Following World War II, South Tyrol was one of the first regions to be granted autonomy on the ground of its peculiar linguistic situation; any further attempts at Italianization were formerly abandoned. In the 21st century, just over 100 years after the Italian annexation of the region,[31] 64% of the population of South Tyrol speak German dialects as their first and everyday language.

Sardinia

In 1720, the island of Sardinia had been ceded to Alpine House of Savoy, which at the time already controlled a number of other states in the Italian mainland, most notably Piedmont. The Savoyards had imposed the Italian language on Sardinia as part of a wider cultural policy designed to bind the island to the Mainland in such a way as to prevent either future attempts of political separation or curb a renewed interest on the part of Spain. In fact, the complex linguistic composition of the islanders, theretofore extraneous to Italian and its cultural sphere, had been previously roofed by Spanish as the prestige language of the upper class for centuries; in this context, Italianization, while difficult, was intended as a cultural policy whereby the social and economic structures of the island could become increasingly intertwined with the Mainland and expressly Piedmont, where the Kingdom's central power lay.[32] The 1847 Perfect Fusion, performed with an assimilationist intent[33] and politically analogous to the Acts of Union between Britain and Ireland, determined the conventional moment wherefrom the Sardinian language ceased to be regarded as an identity marker of a specific ethnic group, and was instead lumped in with the Mainland's dialectal conglomerate already subordinate to the national language.[34][35] The jurist Carlo Baudi di Vesme, in his 1848 essay Considerazioni politiche ed economiche sulla Sardegna, stated that Sardinian was one of the most significant barriers separating the islanders from the Italian Mainland, and only the suppression of their dialects could ensure that they might understand the governmental instructions, issued in Italian, and become properly "civilized" subjects of the Savoyard Kingdom.[36]

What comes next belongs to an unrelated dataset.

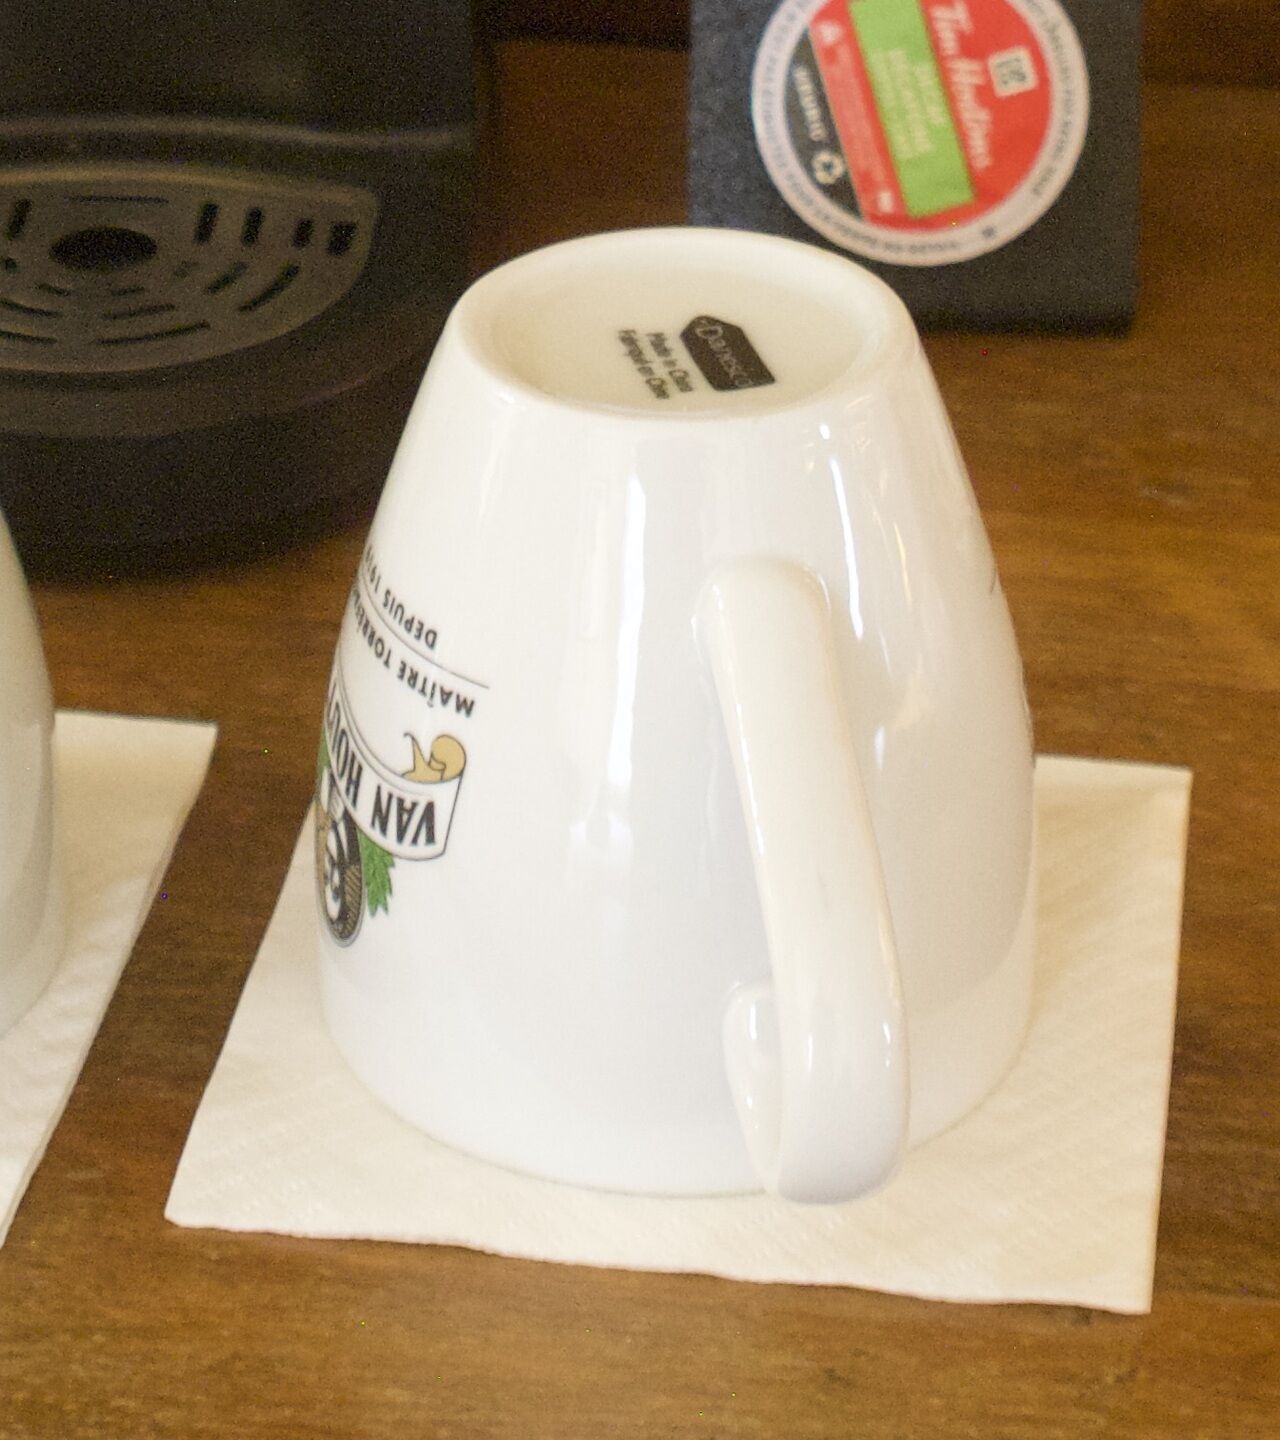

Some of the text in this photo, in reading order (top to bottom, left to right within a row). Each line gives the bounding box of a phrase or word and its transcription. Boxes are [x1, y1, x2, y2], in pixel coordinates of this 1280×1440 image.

However, it was not until the rise of fascism that Sardinian was actively banned and/or excluded from any residual cultural activities to enforce a thorough shift to Italian.[37][38][39]

After the end of the Second World War, efforts continued to be made to further Italianize the population, with the justification that by doing so, as the principles of the modernization theory ran, the island could rid itself of the ancient "traditional practices" which held it back, regarded as a legacy of barbarism to be disposed of at once in order to join the Mainland's economic growth;[40] Italianization had thus become a mass phenomenon, taking roots in the hitherto predominantly Sardinian-speaking villages.[41] To many Sardinians, abandoning their language and acquiring Italian as a cultural norm represented a means through which they could distance themselves from their original group, which they perceived as marginalized and lacking in prestige, and thereby incorporate themselves into an altogether different social group.[42] The Sardinians have been thus led to part with their language as it bore the mark of a stigmatized identity,[43] the embodiment of a long-suffered social and political subordination in a chained society, as opposed to the social advancement granted them by embracing Italian.[44] Research on ethnolinguistic prejudice has pointed to feelings of inferiority amongst the Sardinians in relation with Italians and the Italian language, perceived as a symbol of continental superiority and cultural dominance.[45] Many indigenous cultural practices were to go extinct, shifting towards other forms of socialization.[41] Within a few generations Sardinian, as well as Alghero's Catalan dialect, would become a minority language spoken by fewer and fewer Sardinian families, the majority of whom have turned into monolingual and monocultural Italians.[46][47] This process has been slower to take hold in the countryside than in the main cities, where it became most evident instead.[48]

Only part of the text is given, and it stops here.